Exercise.
Repeat exactly every line that comes at or after the line containing "this 1600×900 image.", through the end of the entries below.

____ Given data

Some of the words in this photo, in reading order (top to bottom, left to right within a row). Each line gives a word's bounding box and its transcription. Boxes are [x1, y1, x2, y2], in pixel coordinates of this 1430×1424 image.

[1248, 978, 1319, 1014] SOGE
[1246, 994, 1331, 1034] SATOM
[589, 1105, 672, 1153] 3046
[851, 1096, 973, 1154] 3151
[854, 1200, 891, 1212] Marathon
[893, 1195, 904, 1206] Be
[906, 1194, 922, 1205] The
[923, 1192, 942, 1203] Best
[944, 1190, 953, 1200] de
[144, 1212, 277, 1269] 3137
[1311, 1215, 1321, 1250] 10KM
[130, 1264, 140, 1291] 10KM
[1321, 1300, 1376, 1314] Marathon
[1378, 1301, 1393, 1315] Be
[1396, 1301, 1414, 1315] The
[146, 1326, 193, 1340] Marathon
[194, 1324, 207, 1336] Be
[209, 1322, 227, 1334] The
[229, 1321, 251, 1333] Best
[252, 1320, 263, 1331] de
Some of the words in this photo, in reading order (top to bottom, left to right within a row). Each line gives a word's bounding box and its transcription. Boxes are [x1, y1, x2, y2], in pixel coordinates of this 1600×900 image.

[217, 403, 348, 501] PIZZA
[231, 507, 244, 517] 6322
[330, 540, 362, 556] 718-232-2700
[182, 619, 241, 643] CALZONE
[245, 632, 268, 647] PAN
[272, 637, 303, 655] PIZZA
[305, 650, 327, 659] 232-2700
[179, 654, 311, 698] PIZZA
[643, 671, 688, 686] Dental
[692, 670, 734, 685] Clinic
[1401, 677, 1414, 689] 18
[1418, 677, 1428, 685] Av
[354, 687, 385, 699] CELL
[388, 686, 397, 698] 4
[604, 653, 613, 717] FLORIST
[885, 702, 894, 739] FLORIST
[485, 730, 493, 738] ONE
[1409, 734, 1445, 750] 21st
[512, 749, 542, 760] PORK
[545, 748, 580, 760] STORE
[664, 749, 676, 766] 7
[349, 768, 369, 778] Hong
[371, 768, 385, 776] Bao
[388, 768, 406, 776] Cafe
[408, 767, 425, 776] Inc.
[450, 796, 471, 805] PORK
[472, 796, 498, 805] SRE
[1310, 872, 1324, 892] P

________

Solution to this problem.
Some of the words in this photo, in reading order (top to bottom, left to right within a row). Each line gives a word's bounding box and its transcription. Boxes are [x1, y1, x2, y2], in pixel coordinates of this 1600×900 image.

[217, 403, 348, 501] PIZZA
[231, 507, 244, 517] 6322
[330, 540, 362, 556] 718-232-2700
[182, 619, 241, 643] CALZONE
[245, 632, 268, 647] PAN
[272, 637, 303, 655] PIZZA
[305, 650, 327, 659] 232-2700
[179, 654, 311, 698] PIZZA
[643, 671, 688, 686] Dental
[692, 670, 734, 685] Clinic
[1401, 677, 1414, 689] 18
[1418, 677, 1428, 685] Av
[354, 687, 385, 699] CELL
[388, 686, 397, 698] 4
[604, 653, 613, 717] FLORIST
[885, 702, 894, 739] FLORIST
[485, 730, 493, 738] ONE
[1409, 734, 1445, 750] 21st
[512, 749, 542, 760] PORK
[545, 748, 580, 760] STORE
[664, 749, 676, 766] 7
[349, 768, 369, 778] Hong
[371, 768, 385, 776] Bao
[388, 768, 406, 776] Cafe
[408, 767, 425, 776] Inc.
[450, 796, 471, 805] PORK
[472, 796, 498, 805] SRE
[1310, 872, 1324, 892] P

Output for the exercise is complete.